For example, one classical tool to validate CIM XML files is CIMTool ([5]). It uses Apache Jena ([6]), a framework for reasoning with RDF and OWL data. It is able to check directly the cardinality of a property; for example, it will verify that a Terminal is always connected to a ConnectivityNode. But to check the inverse end of this same association (a ConnectivityNode is always connected to at least 2 Terminal), some extensions have been made and the rule is written:
problem("Isolated node" ConnectivityNode "expect two or more terminals. Subject "
?n " has less.")
<-(?n rdf:type ConnectivityNode)
countLessThan(2 * Terminal.ConnectivityNode ?n)
It clearly shows that the ConnectivityNode.Terminals property is unknown.

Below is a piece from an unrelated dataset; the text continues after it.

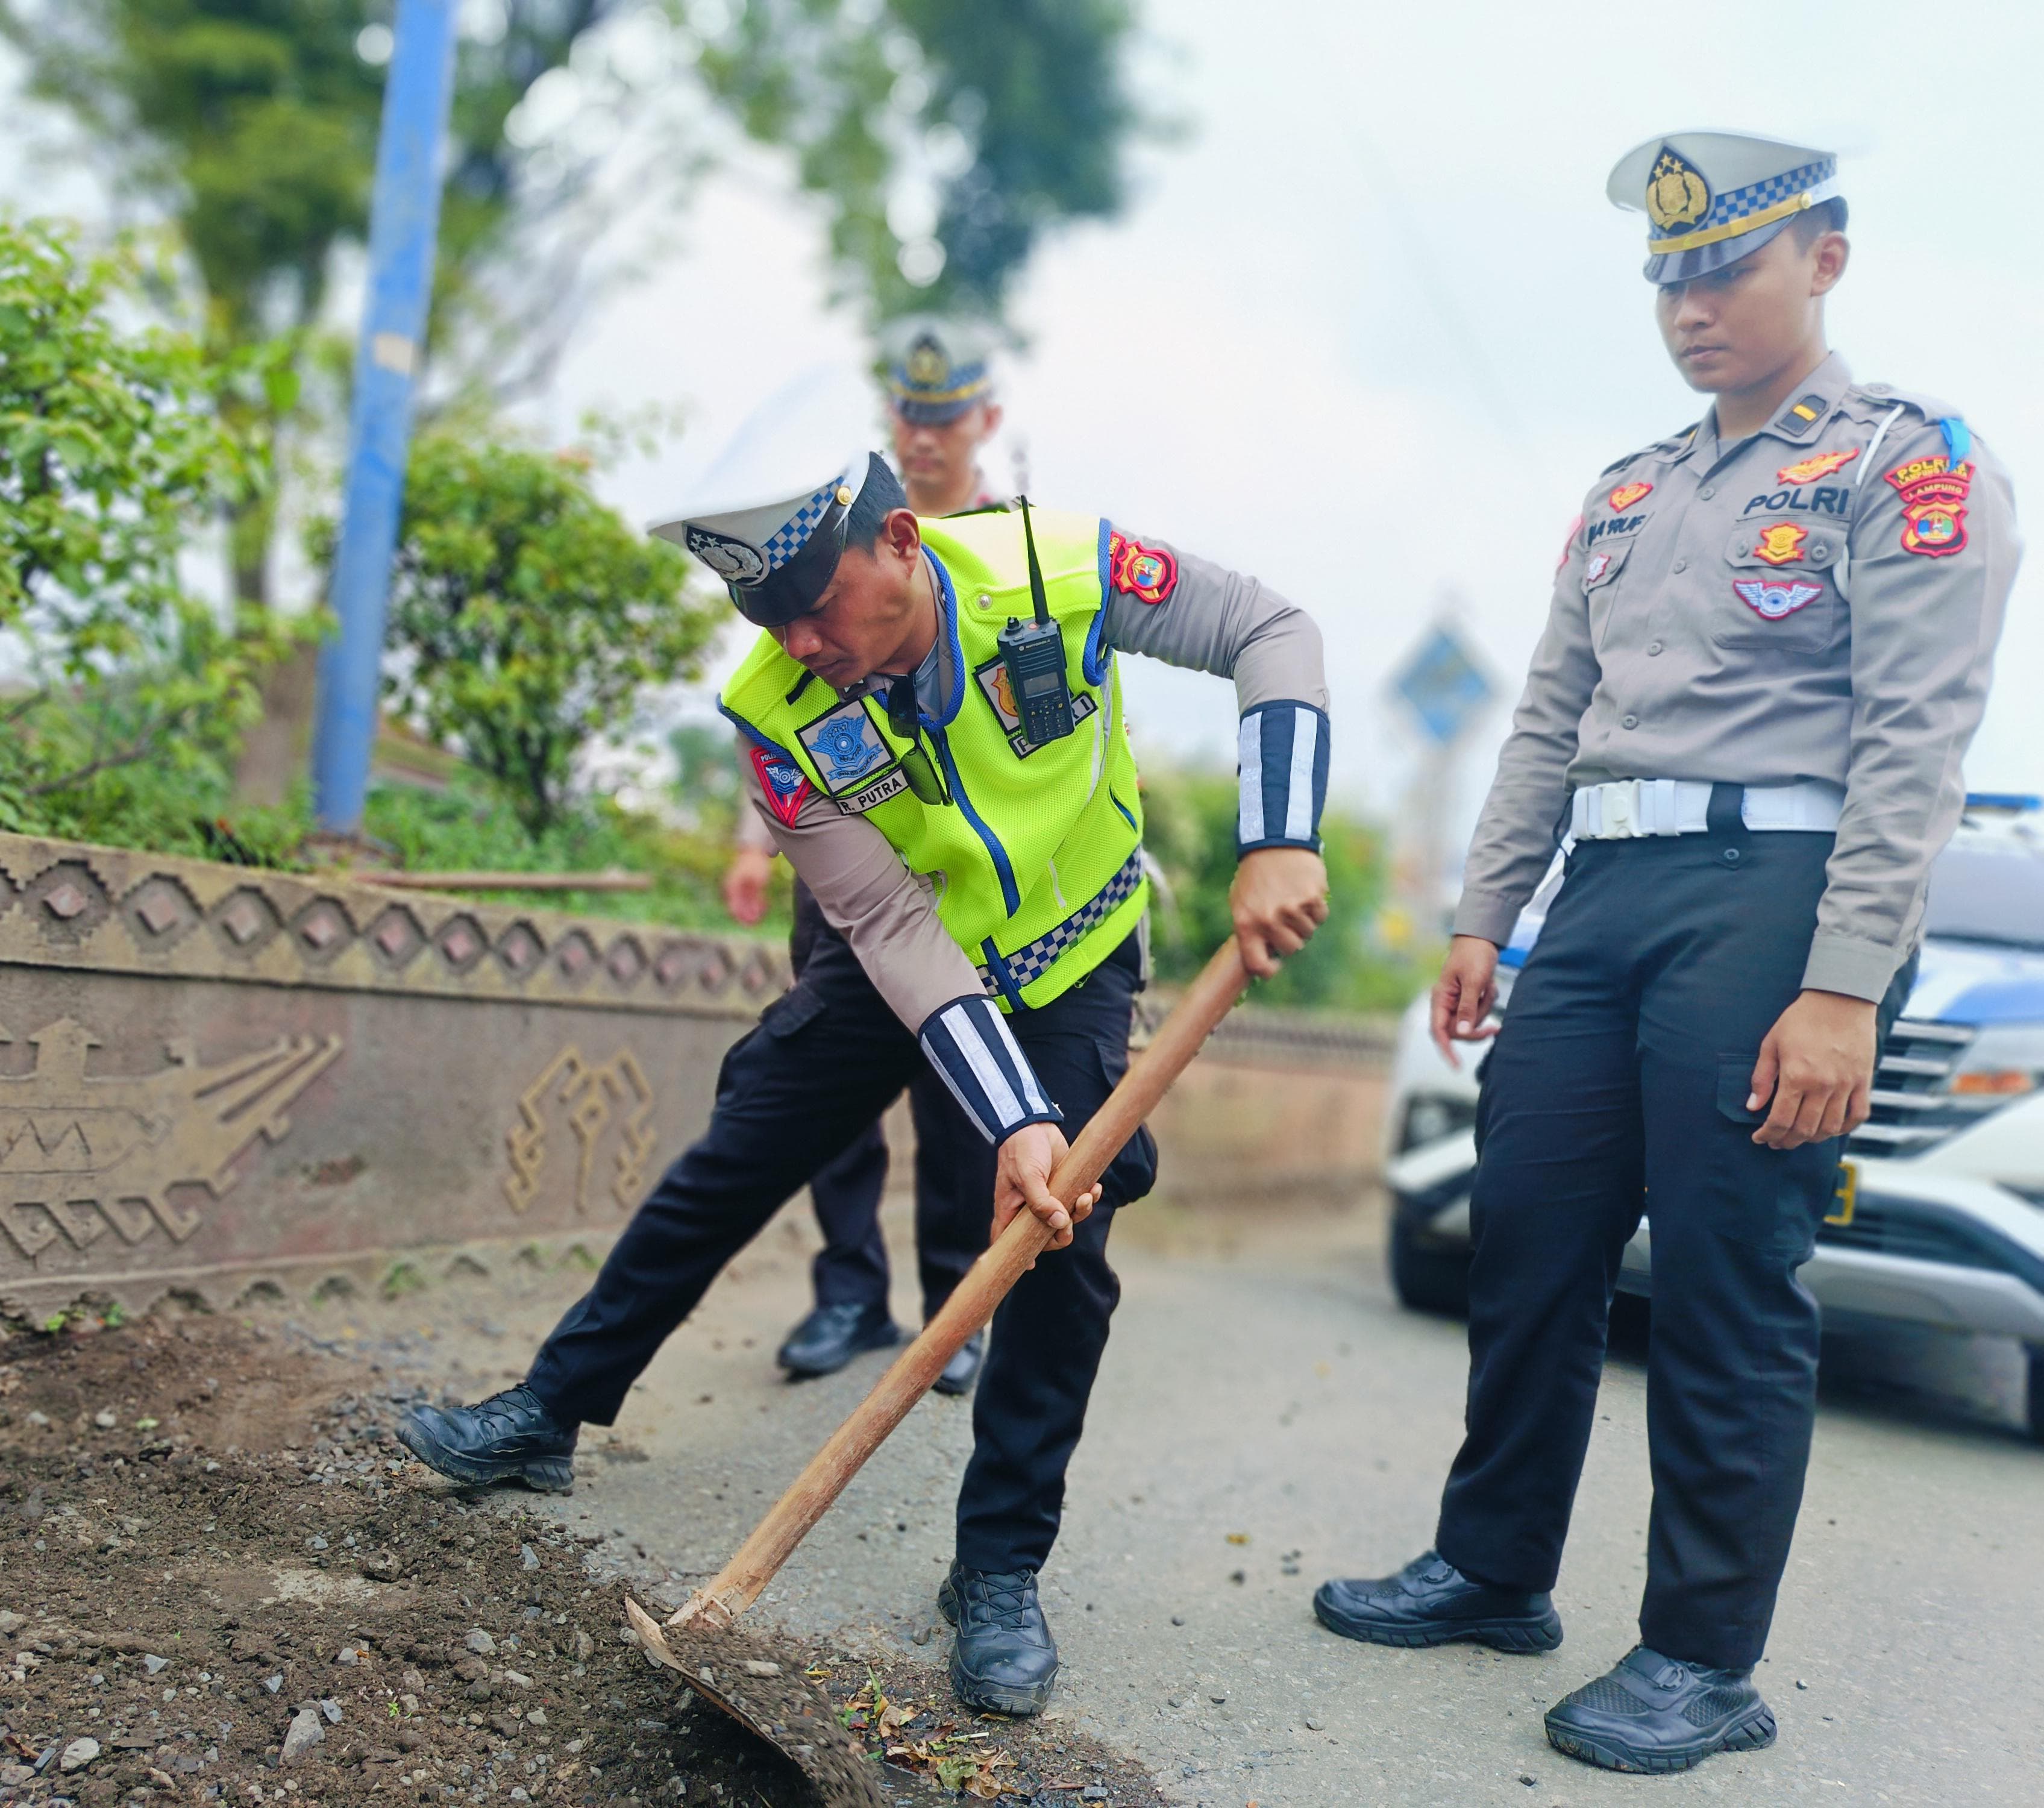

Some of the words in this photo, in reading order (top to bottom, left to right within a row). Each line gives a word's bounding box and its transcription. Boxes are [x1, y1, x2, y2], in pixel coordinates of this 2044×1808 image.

This example makes evidence that, while a standard for the syntactic level is needed (and XML and derived standards are perfect for that), a full validation of data up to the semantic level is difficult to achieve when the tool works only at this syntactic level.
III. IEC61850
IEC 61850 is a set of standards for the design of electrical substation automation and intelligent electronic devices. We will focus on one of them, IEC 61850-6: Configuration language for communication in electrical substations. SCL (Substation Configuration description Language) is the language and representation format for the configuration of electrical substation devices. It includes data representation for substation device entities; its associated functions represented as logical nodes, communication systems and capabilities. The
interoperability of IEC 61850 devices and systems is an important goal of this standard, and tests are often conducted to check correct exchange of data.

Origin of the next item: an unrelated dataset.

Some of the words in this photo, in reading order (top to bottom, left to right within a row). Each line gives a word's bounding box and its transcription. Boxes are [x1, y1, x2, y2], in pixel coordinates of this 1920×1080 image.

The IEC 61850-6 standard specifies the exchange format using XML Schema. Even if some UML diagrams are present, they just display some part of the full XML Schema using a graphical notation; they do not define a semantic model.
To illustrate this point, the Fig. 4 shows an extract of some UML classes (which are in fact XML Schema types) present in SCL. The black diamonds used here means composite relationships, and correspond directly to the inclusion of elements in XML. tNaming, which is an indirect superclass of all the others except tTerminal, enforces the presence of the name attribute.

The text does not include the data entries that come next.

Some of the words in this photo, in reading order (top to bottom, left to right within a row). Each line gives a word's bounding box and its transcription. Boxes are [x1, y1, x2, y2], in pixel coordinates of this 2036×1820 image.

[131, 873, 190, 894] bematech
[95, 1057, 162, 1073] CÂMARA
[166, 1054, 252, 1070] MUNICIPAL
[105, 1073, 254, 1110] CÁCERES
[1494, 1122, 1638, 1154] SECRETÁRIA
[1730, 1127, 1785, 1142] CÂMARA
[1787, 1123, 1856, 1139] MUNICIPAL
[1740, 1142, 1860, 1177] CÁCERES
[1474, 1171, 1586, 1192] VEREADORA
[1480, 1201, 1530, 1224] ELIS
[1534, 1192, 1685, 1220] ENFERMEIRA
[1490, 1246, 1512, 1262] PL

Like in CIM, equipments are electrically connected using
the concepts of tTerminal and tConnectivityNode. However, there is no association between these two classes. While CIM RDF XML uses unique identifiers and references to them to represent vertices in the graph modeling the power system resource, SCL use either containment or specific values of attributes. In the above example, the link between a tTerminal and its tConnectivityNode is stored in the connectivityNode attribute of tTerminal which contains the pathname starting from the tSubstation name, then the tVoltageLevel name, then the tBay name and finally the tConnectivityNode name. The tTerminal must also contain as attributes the individual name of each of these elements; and the tConnectivityNode stores also its pathName.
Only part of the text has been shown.